Java Streams - efficiently grouping items in sorted threads

I am looking for a way to implement an operation without terminal grouping, so that the overhead of memory will be minimal.

For example, consider various (). In the general case, he has no choice but to collect all the individual elements, and only then pass them forward. However, if we know that the input stream is already sorted, the operation can be performed "on the fly" using minimal memory.

I know that I can achieve this for iterators using the iterator shell and implement the grouping logic myself. Is there an easier way to implement this using the thread APIs?

- CHANGE -

I found a way to abuse Stream.flatMap (..) to achieve this:

private static class DedupSeq implements IntFunction<IntStream> { private Integer prev; @Override public IntStream apply(int value) { IntStream res = (prev != null && value == prev)?
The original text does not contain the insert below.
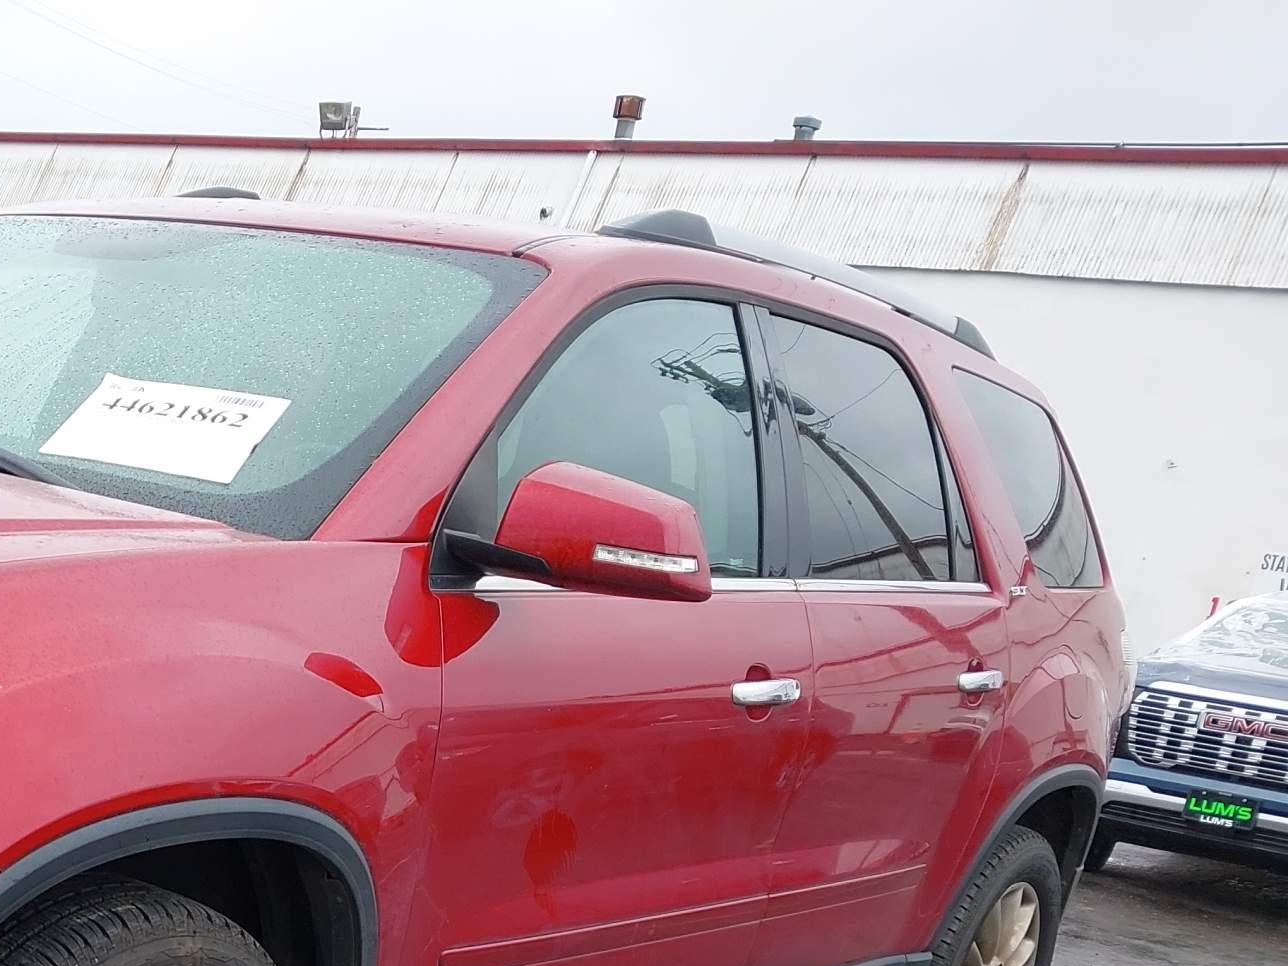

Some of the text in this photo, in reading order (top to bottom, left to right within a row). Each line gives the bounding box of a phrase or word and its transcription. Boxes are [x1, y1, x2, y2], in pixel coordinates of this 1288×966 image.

IntStream.empty() : IntStream.of(value); prev = value; return res; } } 

And then:

 IntStream.of(1,1,3,3,3,4,4,5).flatMap(new DedupSeq()).forEach(System.out::println); 

What prints:

 1 3 4 5 

With some changes, the same method can be used for any type of operational grouping of streams by stream. In any case, I do not really like this solution, and I was looking for something more natural (for example, mapping or filtering). Also, I am breaking the contract here because the function provided by flatMap (..) is workable.

+8
java java-8 java-stream
source share
2 answers

If you need a solution that does not add mutable state to a function that should not have it, you can call collect :

 static void distinctForSorted(IntStream s, IntConsumer action) { s.collect(()->new long[]{Long.MIN_VALUE}, (a, i)->{ if(a[0]!=i) { action.accept(i); assert i>a[0]; a[0]=i; }}, (a, b)->{ throw new UnsupportedOperationException(); }); } 

This works because it is an intended way to use mutable containers, however it cannot work in parallel, since splitting at arbitrary positions of a stream implies the possibility of colliding with a value in two (or even more) threads.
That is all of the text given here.